_RECORDS FOR PROCESSING_
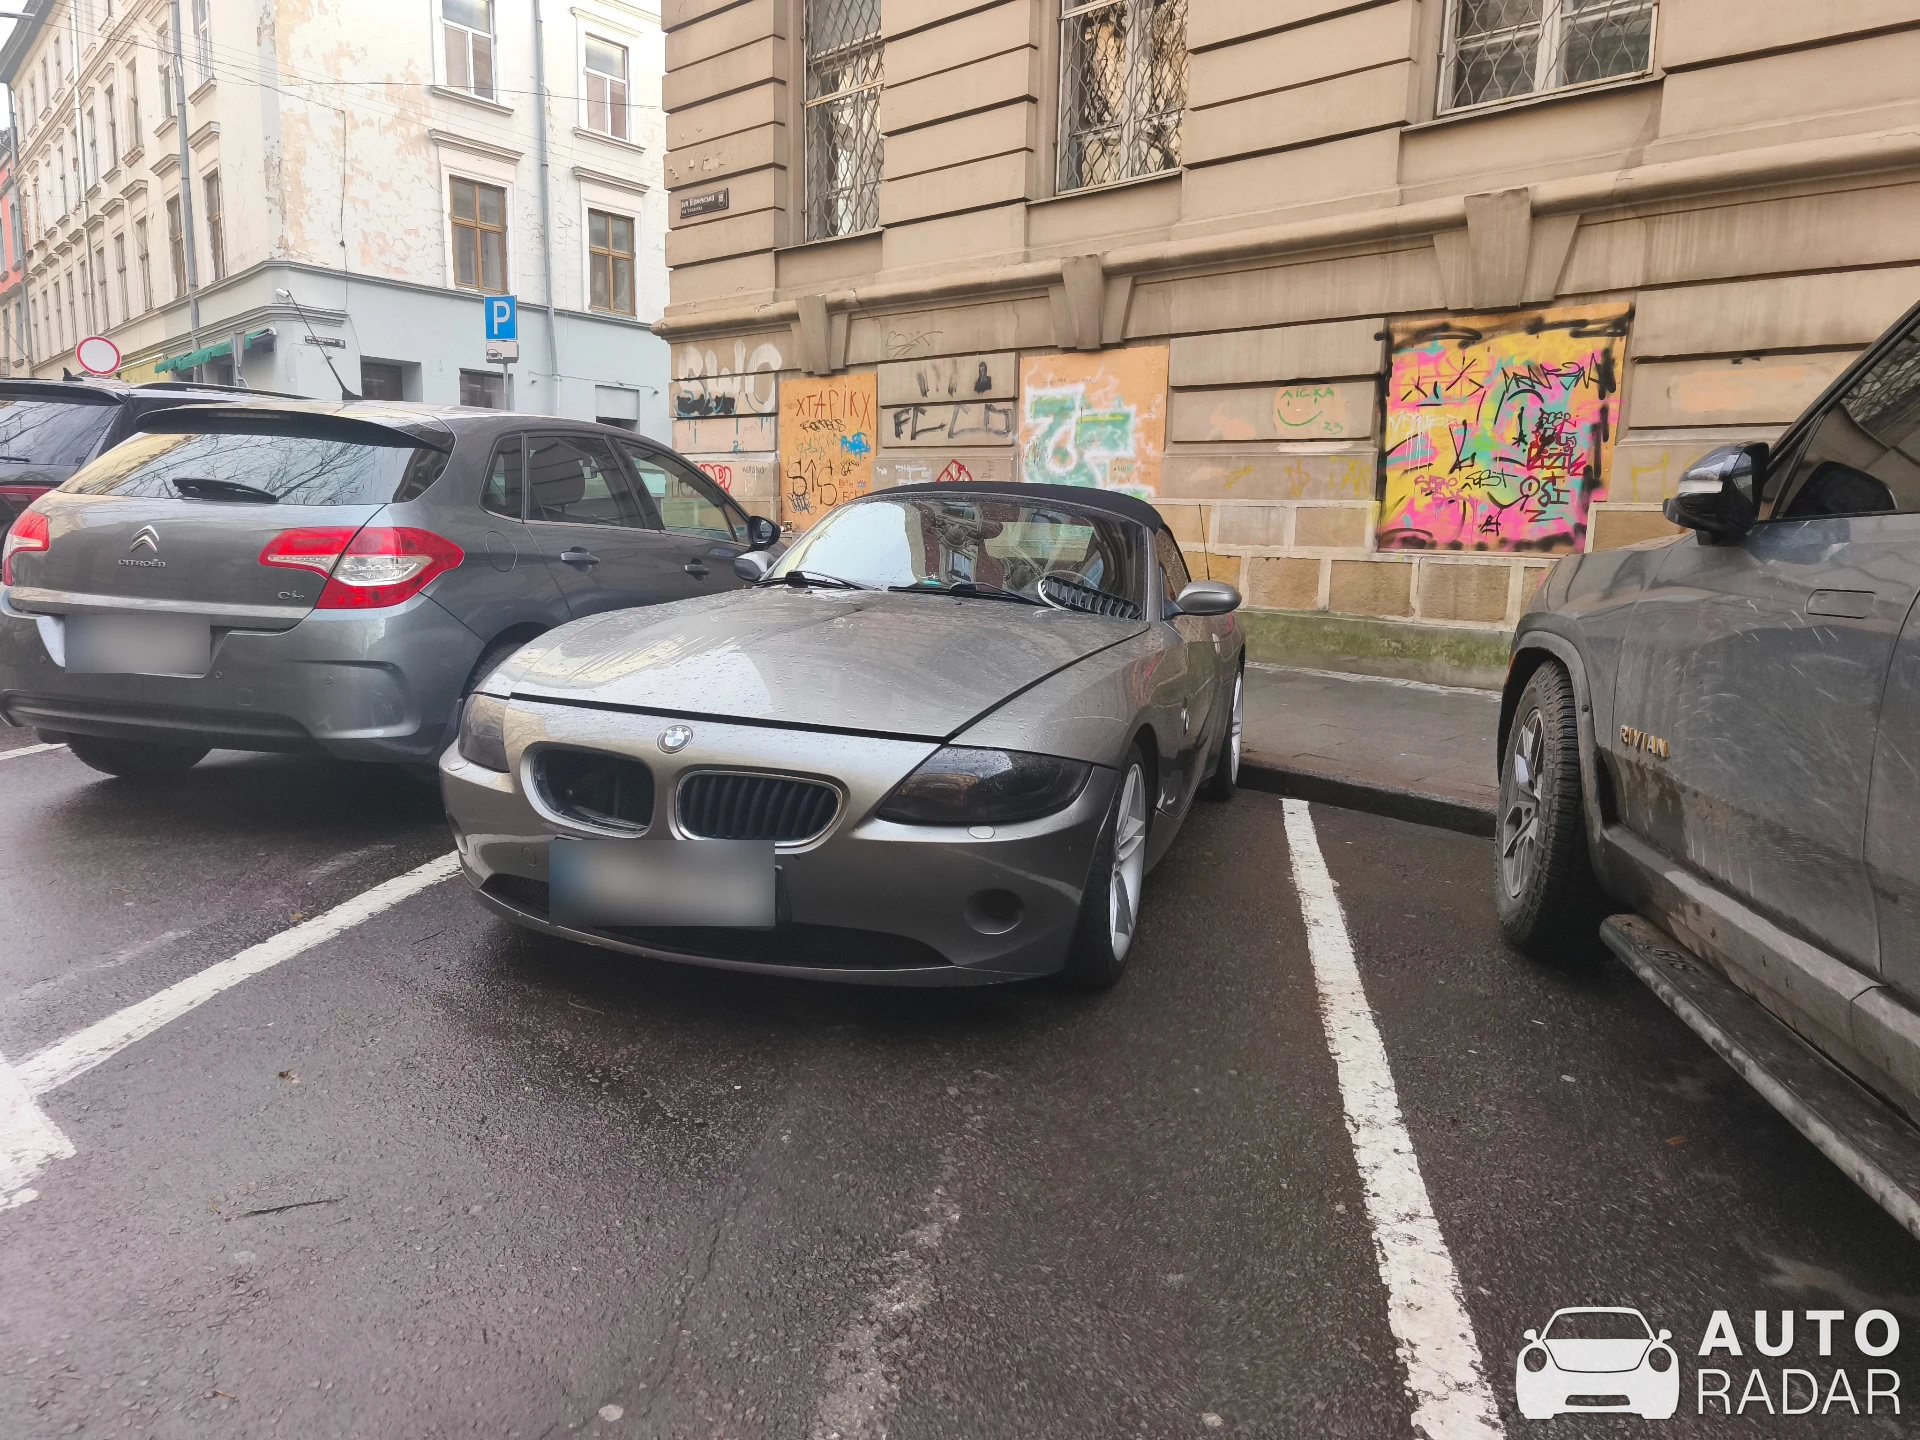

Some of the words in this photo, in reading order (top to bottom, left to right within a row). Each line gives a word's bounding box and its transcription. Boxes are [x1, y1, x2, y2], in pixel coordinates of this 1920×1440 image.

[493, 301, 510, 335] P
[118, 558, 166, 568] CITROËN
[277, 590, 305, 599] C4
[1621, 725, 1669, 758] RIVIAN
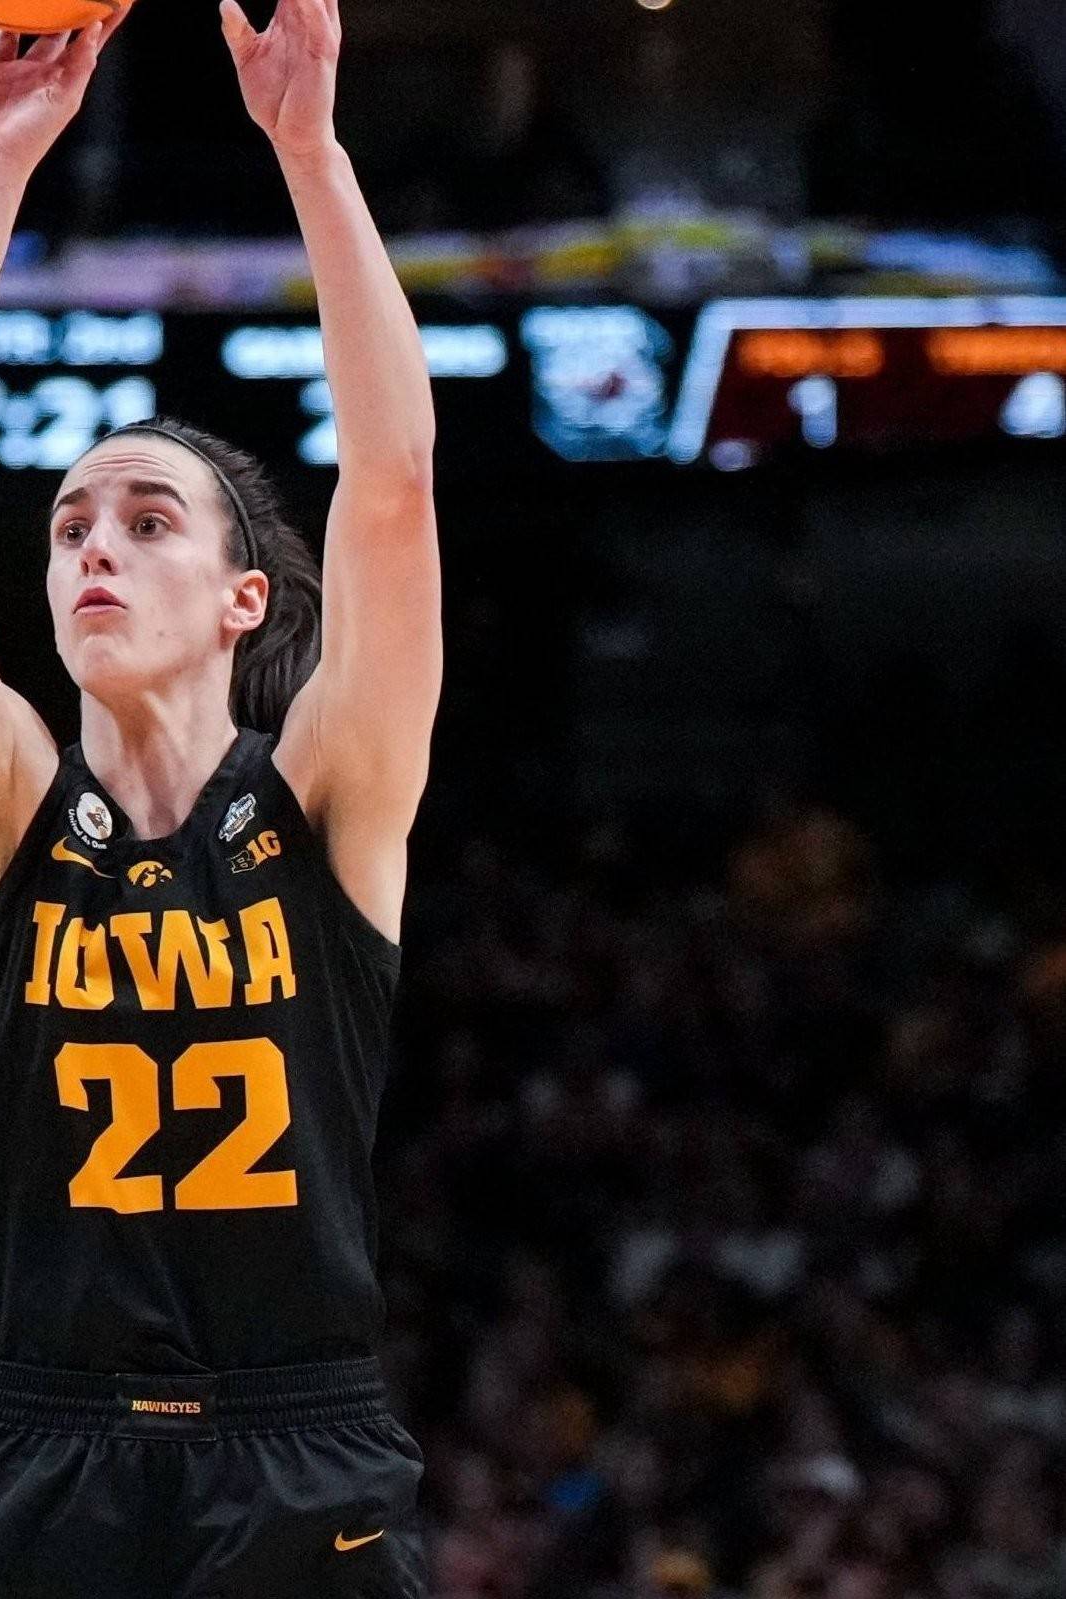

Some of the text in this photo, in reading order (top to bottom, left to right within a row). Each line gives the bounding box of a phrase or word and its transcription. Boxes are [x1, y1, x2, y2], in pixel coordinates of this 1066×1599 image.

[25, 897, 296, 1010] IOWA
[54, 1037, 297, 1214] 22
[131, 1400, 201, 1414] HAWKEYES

_TASK ITEM_
Exactly as written, return every line of the listing, but not the pictures.

_COMPLETED EXERCISE_
Some of the words in this photo, in reading order (top to bottom, left to right within a row). Each line gives a word's bounding box and its transcription. Boxes are [x1, y1, x2, y2], in pixel coordinates of this 1920×1440 image.

[493, 301, 510, 335] P
[118, 558, 166, 568] CITROËN
[277, 590, 305, 599] C4
[1621, 725, 1669, 758] RIVIAN

Some of the text in this photo, in reading order (top to bottom, left to right within a row). Each line gives the bounding box of a phrase or word and its transcription. Boxes are [x1, y1, x2, y2], in pixel coordinates of this 1066×1599 image.

[25, 897, 296, 1010] IOWA
[54, 1037, 297, 1214] 22
[131, 1400, 201, 1414] HAWKEYES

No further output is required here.